Una lettrice scrive
«Mi domando se con la scomparsa dei partigiani che hanno partecipato alla Resistenza e che con la loro voce diretta, difficilmente sostituibile, hanno contribuito a testimoniare la memoria viva di valori come la lotta per la libertà, il sacrificio, il coraggio, la Festa della Liberazione non rischi di ridursi a una ricorrenza simbolica, perdendo progressivamente valore e significato, soprattutto per le nuove generazioni che non hanno un legame diretto con quel passato ormai lontano. Sarebbe invece utile che la memoria restasse comprensibile e attuale, diventando una vera occasione di riflessione».
Assunta
Un lettore scrive
«Tempo fa in piazza Carducci sono stati rimossi dei posteggi per fare spazio a un'area in cui si sarebbero dovuti tenere degli eventi.
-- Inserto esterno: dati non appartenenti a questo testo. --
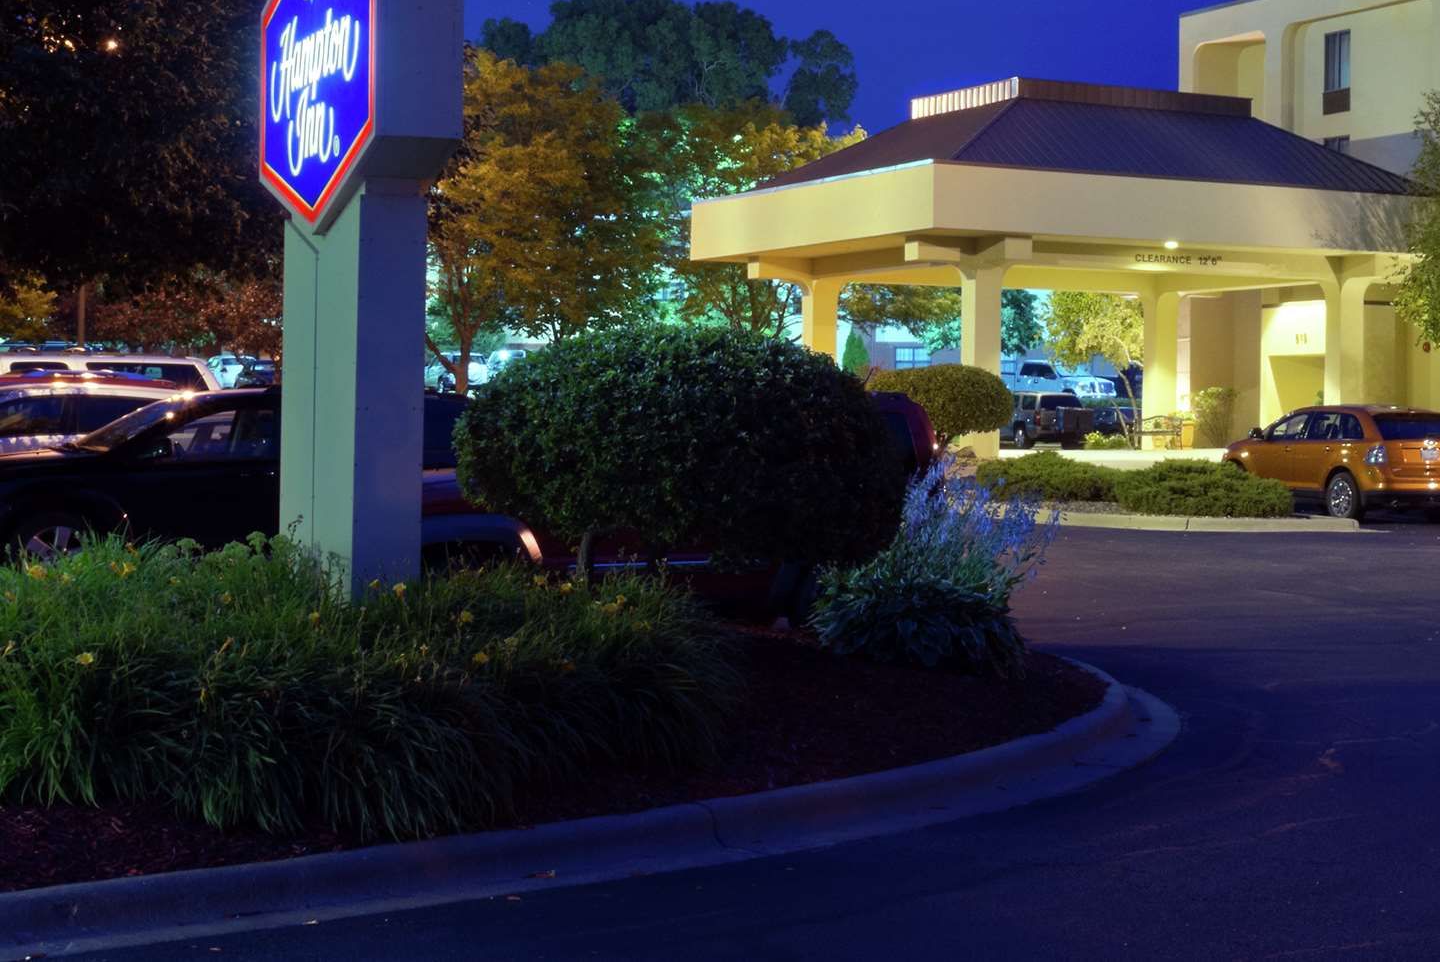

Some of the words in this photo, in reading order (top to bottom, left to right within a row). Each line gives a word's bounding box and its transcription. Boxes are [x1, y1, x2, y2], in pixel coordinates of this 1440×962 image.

[271, 8, 360, 122] Hampton
[288, 90, 334, 176] Inn
[1135, 253, 1192, 265] CLEARANCE
Credo siano passati 1 o 2 anni ma di eventi neanche l'ombra, in più la piazza è diventata un luogo desolato di ritrovo per barboni e ubriaconi, con erbacce che escono dalla pavimentazione. Aggiungiamoci anche la mancanza di posteggi per i residenti. Mi piacerebbe sapere chi sono gli illuminati che hanno pensato questa soluzione. Credo siano anche persone che hanno studiato urbanistica».